The following guest post was written by Edo Segal (@edosegal).
Earlier last week, as the day was coming to an end and I was speaking with my 5 year old at bedtime we shared the highlights of our day. I started by telling him the company that created the iPhone is about to come out with . . . I paused—how do I describe it?—well, a "big iPhone" I said. About this big, I gestured holding my hands about 10 inches apart. “Wow, Amazing!” was his instant reaction as his eyes lit up. Even my 5-year-old knows that bigger is better, especially when it comes to tactile interfaces. In fact, the advantages are probably more obvious to his generation than it is to ours.

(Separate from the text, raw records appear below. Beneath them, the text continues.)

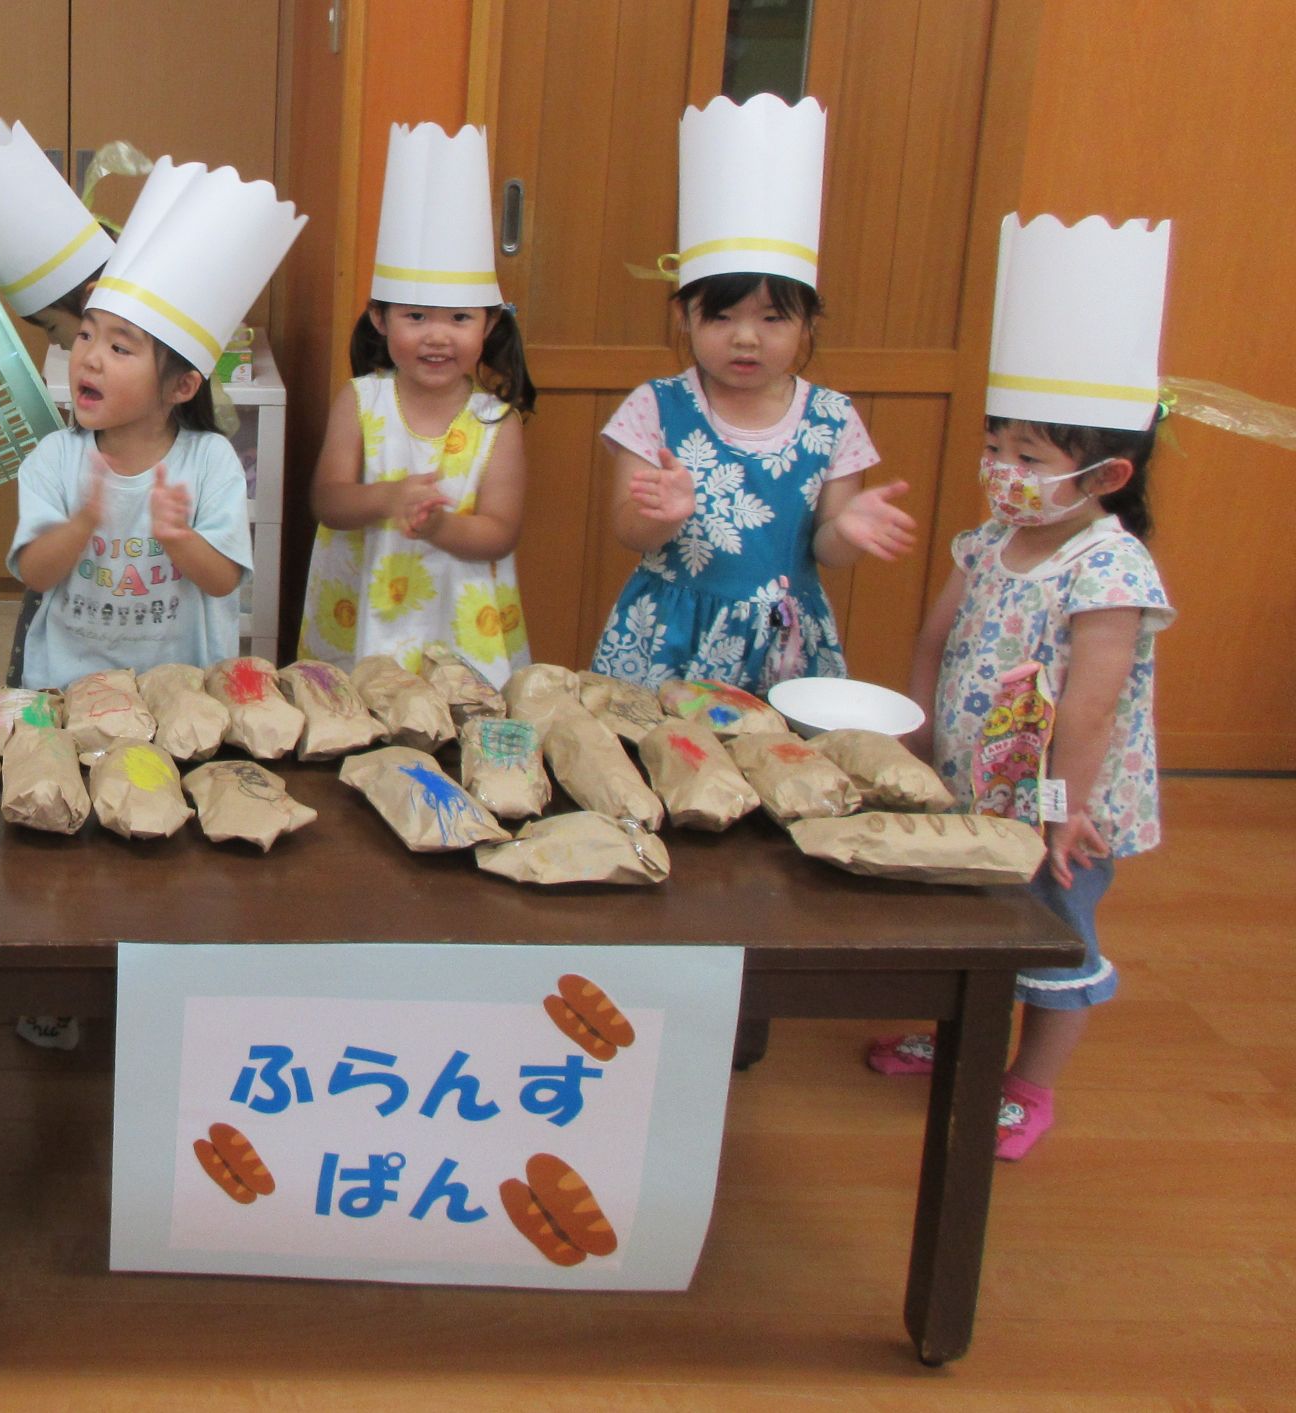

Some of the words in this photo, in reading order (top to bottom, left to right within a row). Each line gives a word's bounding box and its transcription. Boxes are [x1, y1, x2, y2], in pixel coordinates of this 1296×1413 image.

[230, 1045, 603, 1127] ふらんす
[316, 1151, 489, 1223] ぱん
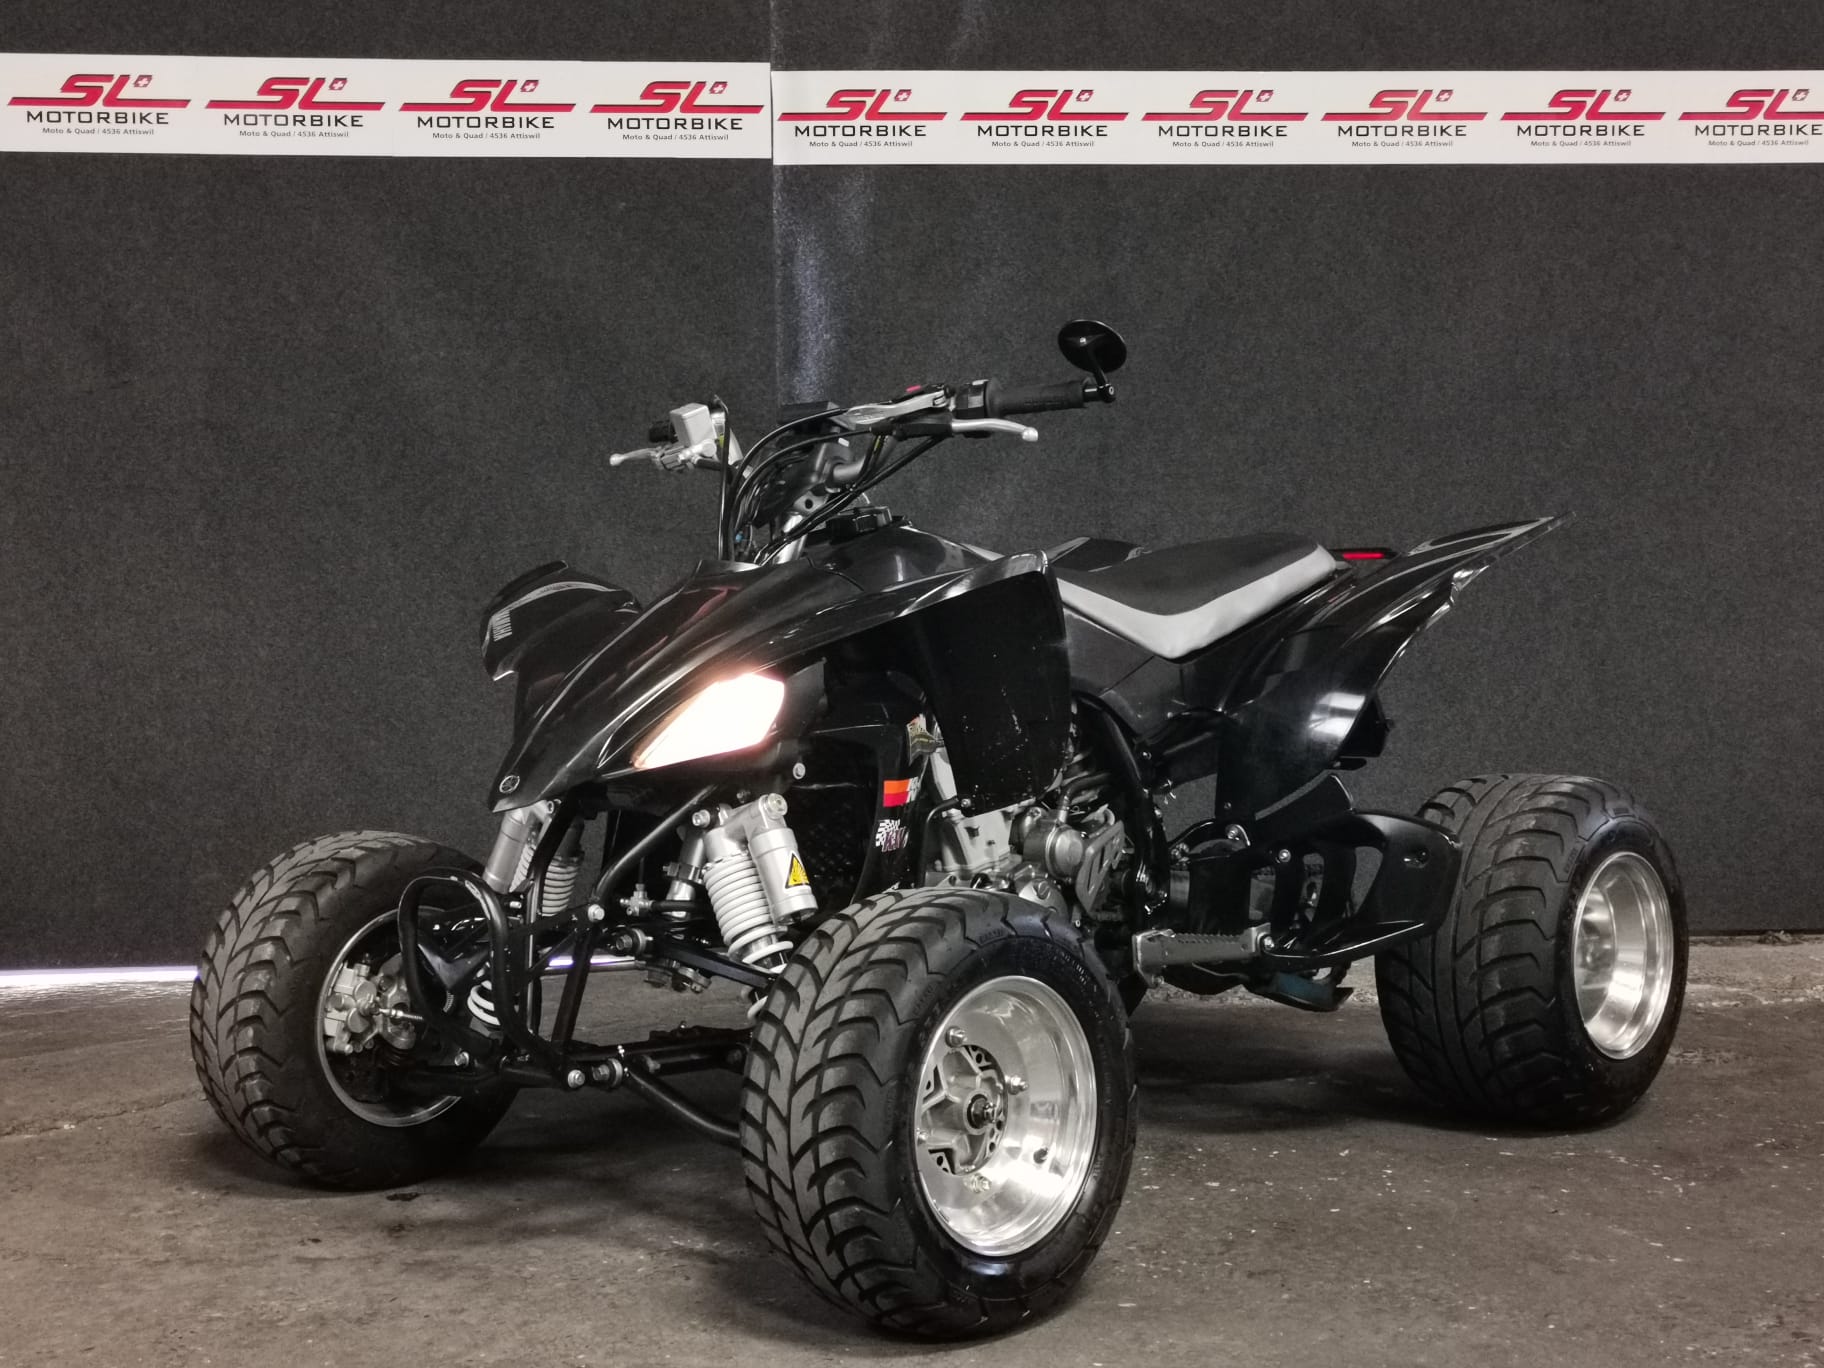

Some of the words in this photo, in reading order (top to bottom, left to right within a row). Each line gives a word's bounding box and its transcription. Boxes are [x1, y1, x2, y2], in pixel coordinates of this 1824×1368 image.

[27, 111, 168, 124] MOTORBIKE
[224, 114, 363, 127] MOTORBIKE
[418, 116, 554, 128] MOTORBIKE
[608, 118, 742, 130] MOTORBIKE
[1695, 124, 1823, 136] MOTORBIKE
[74, 128, 95, 136] Quad
[271, 130, 291, 138] Quad
[464, 132, 483, 140] Quad
[795, 125, 926, 137] MOTORBIKE
[978, 125, 1108, 137] MOTORBIKE
[1159, 125, 1288, 137] MOTORBIKE
[1338, 125, 1466, 136] MOTORBIKE
[1517, 125, 1645, 136] MOTORBIKE
[653, 134, 672, 142] Quad

For this first generation born into a world of the iPhone, Wii and soon the Xbox's Project Natal, the distance between the metaphor created by these devices and the reality of their interaction is constantly shrinking. My wife is currently doing her PhD research on the merits of tangible interfaces for young children in education and the data is telling. There is no doubt that there is great potential to enhance learning with tactile computing. Through that lens the “Bigger iPhone” is akin to a bigger yard to play in or a bigger room. This insight is telling. For these kids the iPhone’s primary function is by no means a phone. It is first and formost a gaming device, followed by a networked camera, followed by everything else. Through this lens one can see the importance of the iPad in the historical trajectory of our human-computer interaction. What's lost in all the complaints about what the iPad is lacking (multitasking, camera, etc.) is that people need to view the iPad on more than its merits as a first-generation product. Rather, they need to understand it in context of the evolutionary arc of computing.